◆ **RECORDS SHOWN**
▼

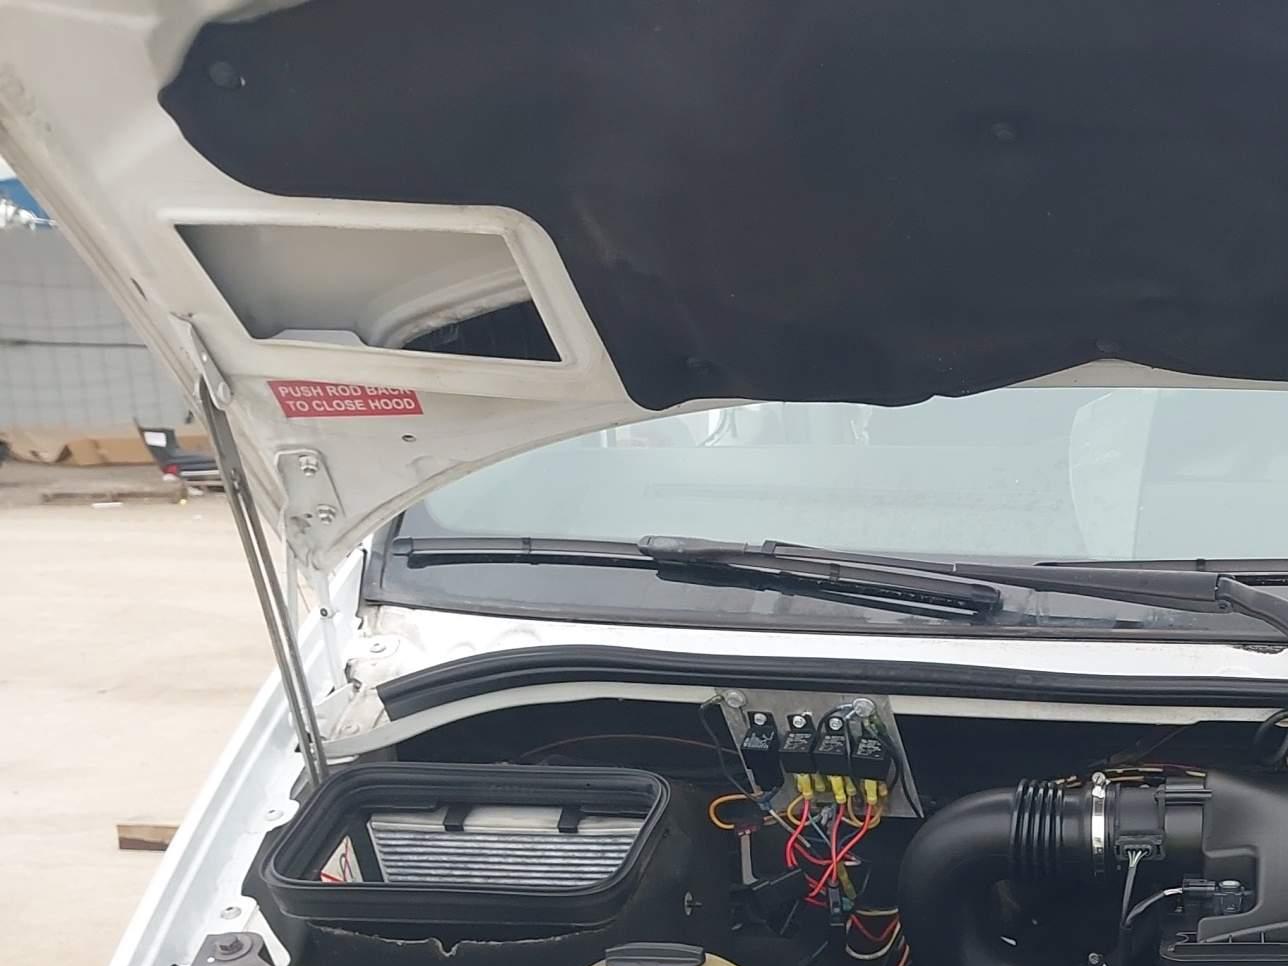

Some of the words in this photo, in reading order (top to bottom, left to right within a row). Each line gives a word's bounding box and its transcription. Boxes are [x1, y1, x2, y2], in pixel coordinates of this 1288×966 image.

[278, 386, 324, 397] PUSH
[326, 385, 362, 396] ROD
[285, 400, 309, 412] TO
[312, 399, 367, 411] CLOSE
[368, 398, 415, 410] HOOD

▲

◆ **TASK DETAILS**
Leaving the pictures out, set down all of the data again exactly.

◆ **EXERCISE RESPONSE**
Some of the words in this photo, in reading order (top to bottom, left to right within a row). Each line gives a word's bounding box and its transcription. Boxes are [x1, y1, x2, y2], in pixel coordinates of this 1288×966 image.

[278, 386, 324, 397] PUSH
[326, 385, 362, 396] ROD
[285, 400, 309, 412] TO
[312, 399, 367, 411] CLOSE
[368, 398, 415, 410] HOOD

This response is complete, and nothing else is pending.